It’s official: chocolate is good for you

31st July 2020 | Eativity editors

This is the kind of good news everyone wants to hear on a Friday: eating chocolate at least once a week is linked with a reduced risk of heart disease. Whooh-hooh! This sweet report is courtesy of new research published in the European Journal of Preventive Cardiology.

“Our study suggests that chocolate helps keep the heart’s blood vessels healthy,” says study author Dr Chayakrit Krittanawong.

“In the past, clinical studies have shown that chocolate is beneficial for both blood pressure and the lining of blood vessels. I wanted to see if it affects the blood vessels supplying the heart or not. And if it does, is it beneficial or harmful?”

Chocolate contains heart-healthy nutrients. Plus, it’s delicious.

The researchers analysed studies from the past five decades that examined the association between chocolate consumption and coronary artery disease. They found that, compared with having chocolate less than once a week, eating chocolate more than once a week was associated with an eight percent decreased risk of coronary artery disease.
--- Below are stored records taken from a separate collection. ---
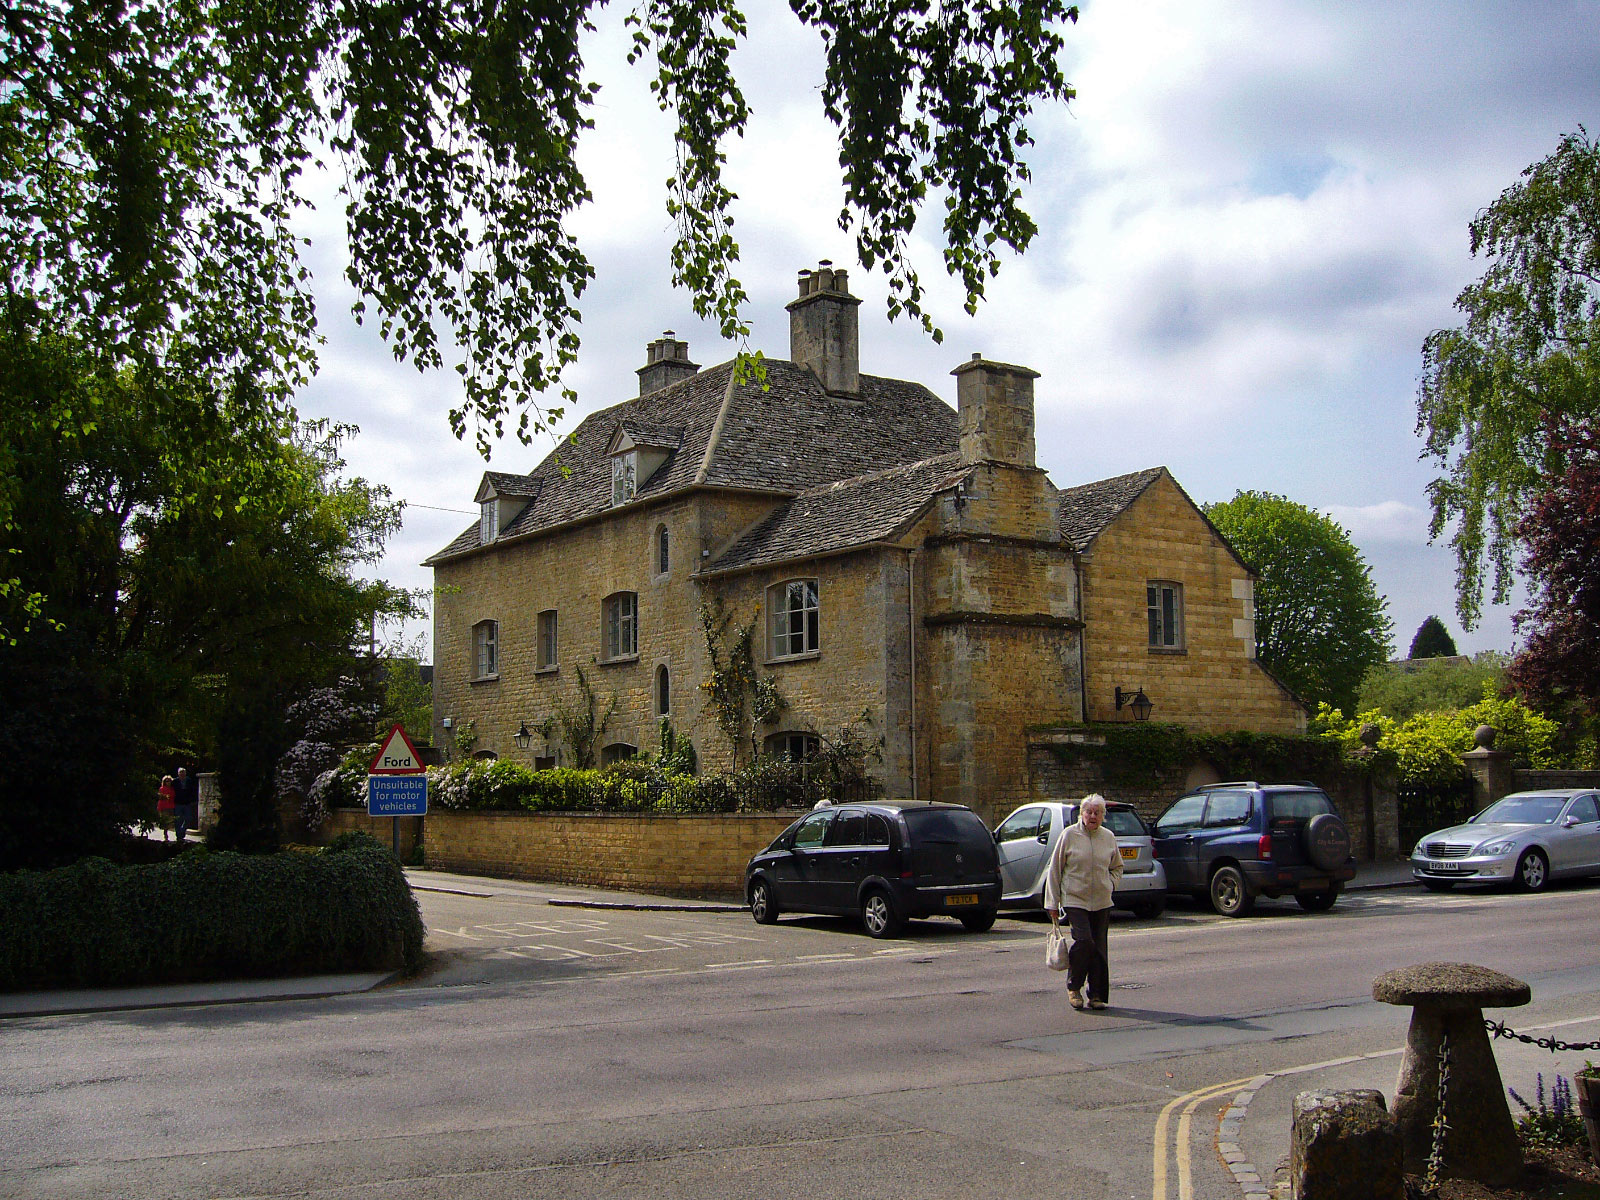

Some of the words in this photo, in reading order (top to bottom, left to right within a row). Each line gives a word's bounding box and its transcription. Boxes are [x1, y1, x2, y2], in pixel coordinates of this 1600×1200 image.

[384, 756, 411, 767] Ford
[373, 780, 423, 789] Unsuitable
[376, 791, 389, 800] for
[392, 791, 420, 800] motor
[379, 801, 417, 811] vehicles
[433, 919, 610, 941] KEEP
[501, 931, 766, 960] CLEAR
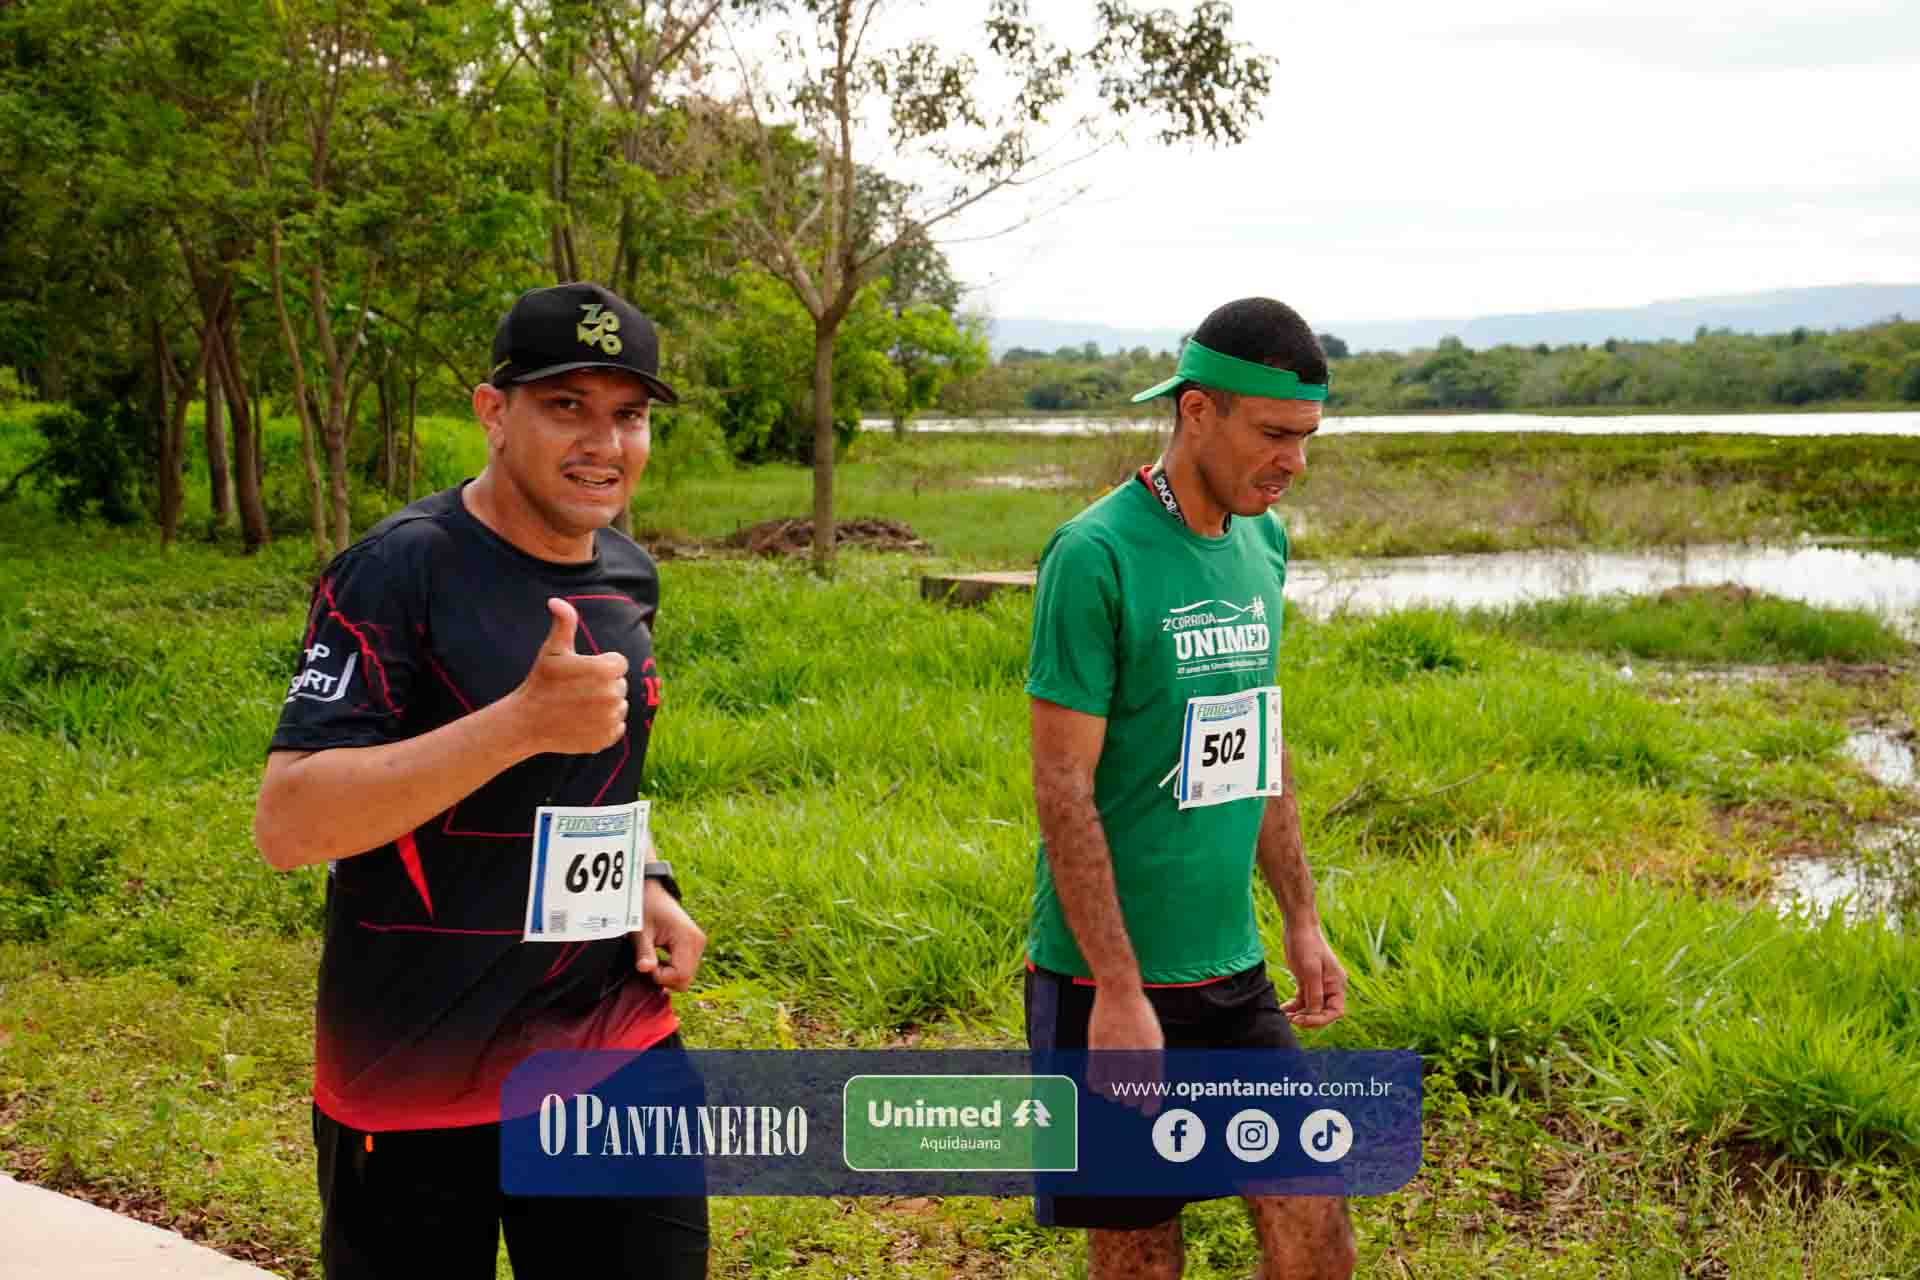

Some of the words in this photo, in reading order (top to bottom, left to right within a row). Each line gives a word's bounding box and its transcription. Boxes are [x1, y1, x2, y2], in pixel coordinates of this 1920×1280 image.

[1172, 612, 1217, 630] CORRIDA
[1173, 623, 1271, 660] UNIMED
[1201, 727, 1247, 768] 502
[565, 849, 624, 894] 698
“Chocolate contains heart-healthy nutrients such as flavonoids, methylxanthines, polyphenols and stearic acid, which may reduce inflammation and increase good cholesterol,” says Dr Krittanawong.

The study didn’t look at whether any particular type of chocolate is more beneficial, or whether there’s an ideal portion size. But Dr Krittanawong warns against overeating.

“Moderate amounts of chocolate seem to protect the coronary arteries but it’s likely that large quantities do not,” he says.

Chocolate sales are down… best get out there and do something about that, yes?

The study isn’t just good news for chocolate lovers; it could also be a boost for chocolate producers. With COVID-19 restrictions around the world limiting impulse purchasing and decreasing consumer confidence, global chocolate consumption has fallen significantly over recent months, according to a new report by agribusiness banking specialist Rabobank.

The report says a significant proportion of chocolate demand is comprised of impulse and gift purchases made at retail shops, vending machines, airports or while travelling.

“The instant gratification of an in-person purchase has been largely unavailable while consumers have been stuck at home and under lockdowns and this, combined with the prospect of a recession, has seen consumers more likely to shun indulgent snacks,” says report author, Rabobank commodities analyst Andrew Rawlings.

Perhaps it’s time to do our bit for the chocolate industry, and buy ourselves some quality choc. It’s a tough job, but someone’s gotta do it, right?